[ACTIVITY] Can you print every record below exactly as written?

[Dataset entries]
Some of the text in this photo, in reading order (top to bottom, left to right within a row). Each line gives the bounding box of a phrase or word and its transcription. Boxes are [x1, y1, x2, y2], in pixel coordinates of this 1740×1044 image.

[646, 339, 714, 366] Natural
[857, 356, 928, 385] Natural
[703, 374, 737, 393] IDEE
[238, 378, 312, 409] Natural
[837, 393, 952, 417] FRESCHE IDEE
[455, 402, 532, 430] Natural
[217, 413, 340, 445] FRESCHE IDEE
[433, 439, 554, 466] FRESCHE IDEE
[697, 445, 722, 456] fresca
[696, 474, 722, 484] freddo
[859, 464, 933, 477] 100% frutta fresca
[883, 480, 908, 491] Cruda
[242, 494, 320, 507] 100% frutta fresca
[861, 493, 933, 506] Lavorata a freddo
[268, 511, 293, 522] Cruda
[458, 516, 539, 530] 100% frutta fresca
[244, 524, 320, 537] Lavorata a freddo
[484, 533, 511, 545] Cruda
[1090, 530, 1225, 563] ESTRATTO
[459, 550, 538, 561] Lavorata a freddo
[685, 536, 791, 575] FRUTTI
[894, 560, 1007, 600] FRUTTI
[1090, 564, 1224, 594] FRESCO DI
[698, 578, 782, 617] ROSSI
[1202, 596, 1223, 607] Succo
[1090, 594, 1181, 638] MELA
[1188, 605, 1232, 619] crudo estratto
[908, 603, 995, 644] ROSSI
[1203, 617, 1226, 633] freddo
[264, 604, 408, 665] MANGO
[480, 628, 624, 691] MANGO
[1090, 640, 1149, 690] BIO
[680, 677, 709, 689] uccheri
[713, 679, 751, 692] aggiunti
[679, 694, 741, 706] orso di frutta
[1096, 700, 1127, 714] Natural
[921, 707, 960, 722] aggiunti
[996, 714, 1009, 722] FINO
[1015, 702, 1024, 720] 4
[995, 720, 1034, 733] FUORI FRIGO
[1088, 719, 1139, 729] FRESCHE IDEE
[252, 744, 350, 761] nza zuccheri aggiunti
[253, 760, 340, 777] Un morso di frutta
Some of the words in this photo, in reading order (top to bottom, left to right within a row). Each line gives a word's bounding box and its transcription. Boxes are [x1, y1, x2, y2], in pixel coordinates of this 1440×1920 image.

[SOLVED PROBLEM]
Some of the text in this photo, in reading order (top to bottom, left to right within a row). Each line gives the bounding box of a phrase or word and its transcription. Boxes are [x1, y1, x2, y2], in pixel coordinates of this 1740×1044 image.

[646, 339, 714, 366] Natural
[857, 356, 928, 385] Natural
[703, 374, 737, 393] IDEE
[238, 378, 312, 409] Natural
[837, 393, 952, 417] FRESCHE IDEE
[455, 402, 532, 430] Natural
[217, 413, 340, 445] FRESCHE IDEE
[433, 439, 554, 466] FRESCHE IDEE
[697, 445, 722, 456] fresca
[696, 474, 722, 484] freddo
[859, 464, 933, 477] 100% frutta fresca
[883, 480, 908, 491] Cruda
[242, 494, 320, 507] 100% frutta fresca
[861, 493, 933, 506] Lavorata a freddo
[268, 511, 293, 522] Cruda
[458, 516, 539, 530] 100% frutta fresca
[244, 524, 320, 537] Lavorata a freddo
[484, 533, 511, 545] Cruda
[1090, 530, 1225, 563] ESTRATTO
[459, 550, 538, 561] Lavorata a freddo
[685, 536, 791, 575] FRUTTI
[894, 560, 1007, 600] FRUTTI
[1090, 564, 1224, 594] FRESCO DI
[698, 578, 782, 617] ROSSI
[1202, 596, 1223, 607] Succo
[1090, 594, 1181, 638] MELA
[1188, 605, 1232, 619] crudo estratto
[908, 603, 995, 644] ROSSI
[1203, 617, 1226, 633] freddo
[264, 604, 408, 665] MANGO
[480, 628, 624, 691] MANGO
[1090, 640, 1149, 690] BIO
[680, 677, 709, 689] uccheri
[713, 679, 751, 692] aggiunti
[679, 694, 741, 706] orso di frutta
[1096, 700, 1127, 714] Natural
[921, 707, 960, 722] aggiunti
[996, 714, 1009, 722] FINO
[1015, 702, 1024, 720] 4
[995, 720, 1034, 733] FUORI FRIGO
[1088, 719, 1139, 729] FRESCHE IDEE
[252, 744, 350, 761] nza zuccheri aggiunti
[253, 760, 340, 777] Un morso di frutta
Some of the words in this photo, in reading order (top to bottom, left to right within a row). Each line gives a word's bounding box and its transcription. Boxes are [x1, y1, x2, y2], in pixel coordinates of this 1440×1920 image.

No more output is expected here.